Aunque Arabella no lo vio en el baile de disfraces y aunque no tuviera forma de enterarse, el señor Beaumaris se vio obligado a hacer un gran esfuerzo de contención para no dejarse llevar por su habitual meticulosidad y presentarse en el baile, con lo que habría provocado que la vanidad de Arabella creciera. No apareció, y confiaba en que ella lo hubiera echado de menos. Arabella lo echó en falta, pero por nada del mundo lo habría admitido. La joven, que se había sentido atraída por el Incomparable desde el primer momento, estaba protegiéndose con firmeza de su sensibilidad. Cuando vio por primera vez a Beaumaris, a Arabella le había parecido la personificación de un sueño. Después, él le había dirigido un comentario a su amigo con el que se había esfumado el aprecio incipiente que ella le tenía y que la había obligado a mentir de la manera más vulgar. Ahora se complacía eligiéndola entre las bellezas de la ciudad, por motivos que él conocía mejor que ella, pero que Arabella sospechaba que debían ser maliciosos. ¡No, la joven Tallant no tenía ni un pelo de tonta! Ni por un instante se permitiría soñar que él estuviera cortejándola en serio. A veces Beaumaris aparecía en sus meditaciones, pero tan pronto se percataba de ello, Arabella ahuyentaba su imagen con resolución. En ocasiones pensaba que él no se había creído ni una sola palabra de cuanto alardeó la noche en Leicestershire de la que nunca se arrepentiría bastante; otras, creía que lo había engañado tan bien como a lord Fleetwood. Era imposible descifrar las complejidades de su mente, pero de algo estaba segura: de que el gran señor Beaumaris y la hija del párroco de Heythram no podían tener nada que ver, de modo que cuanto menos pensara en él, mucho mejor.
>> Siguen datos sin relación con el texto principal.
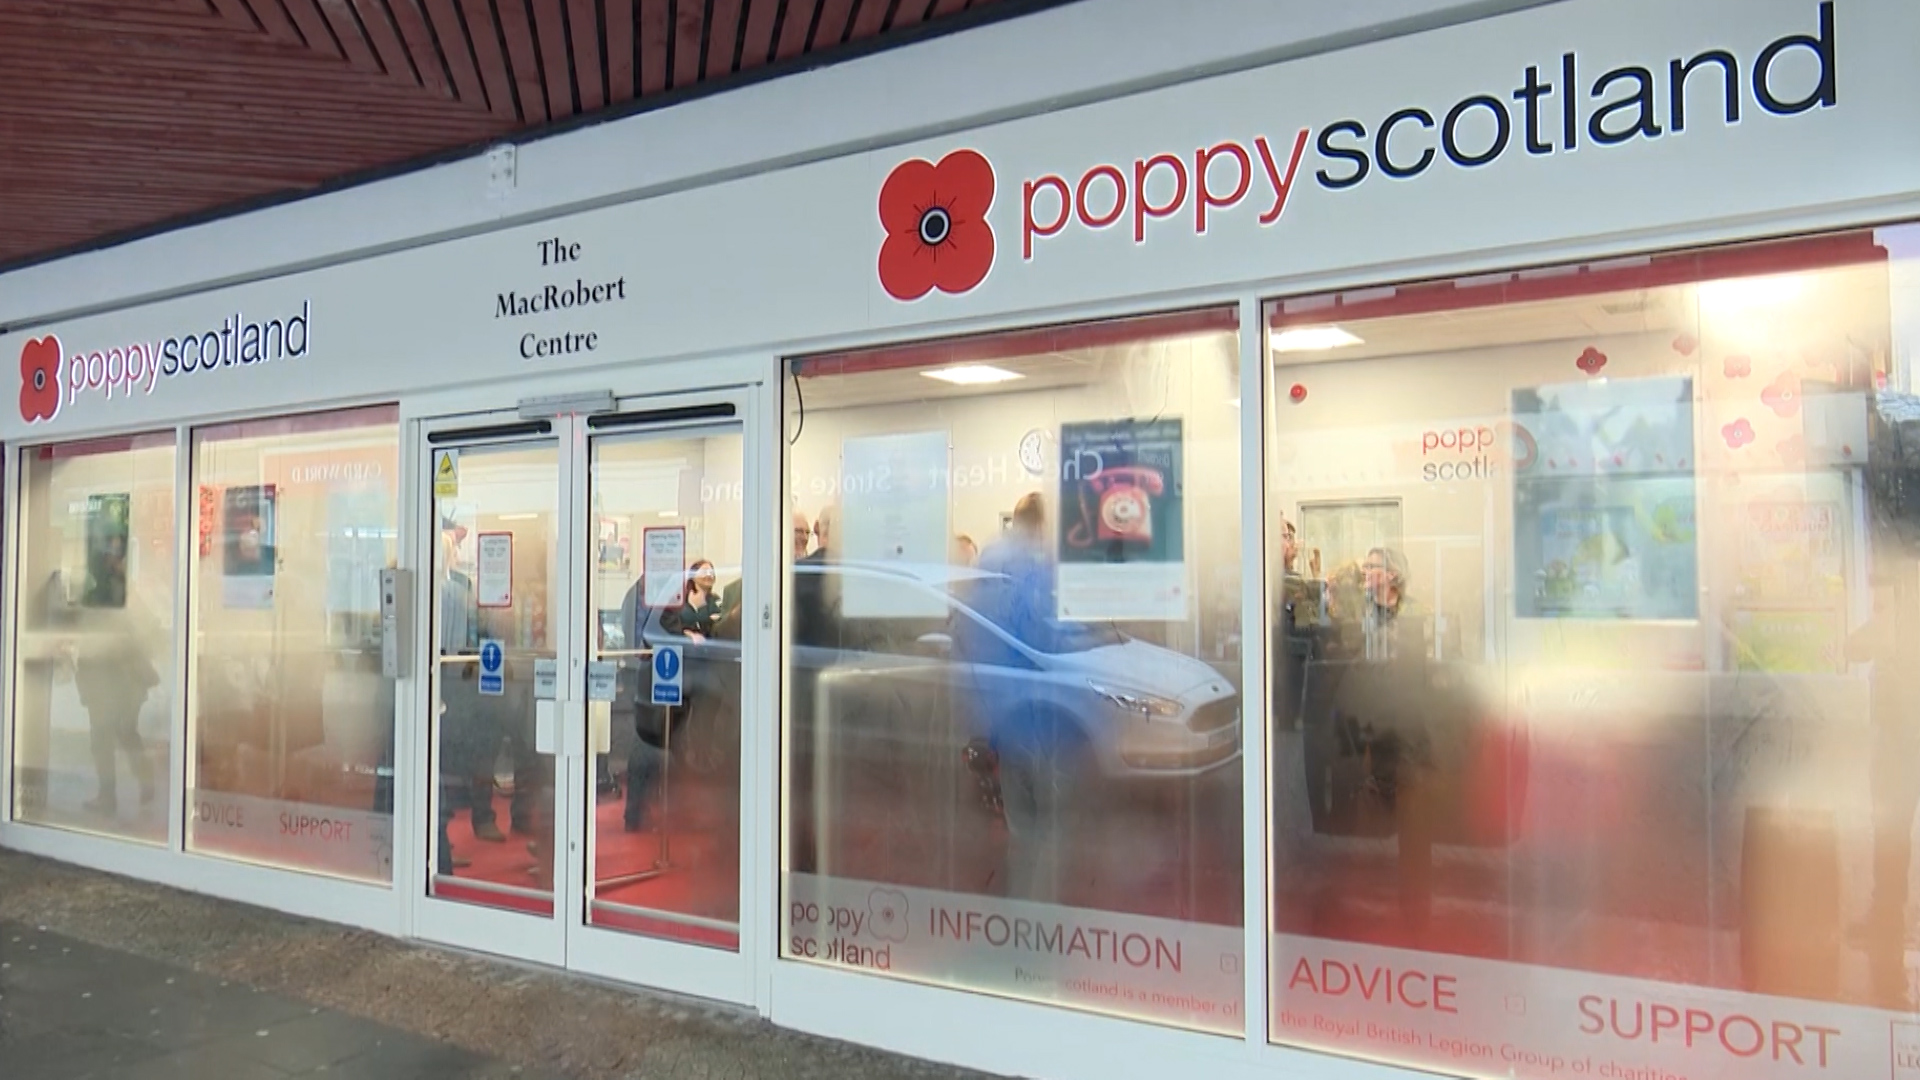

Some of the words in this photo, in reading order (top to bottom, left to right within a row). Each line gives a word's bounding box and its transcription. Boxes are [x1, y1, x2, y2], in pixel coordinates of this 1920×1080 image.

No podía negarse que era muy galante y atractivo, pero Arabella también se había fijado en las muchas imperfecciones de su carácter. Era claramente indolente, un niño mimado de la sociedad, y no pensaba más que en procurarse placeres fugaces: un despiadado e inconsciente árbitro de las modas, entregado al egoísmo y a todos los otros vicios que a la hija del párroco le habían enseñado a censurar.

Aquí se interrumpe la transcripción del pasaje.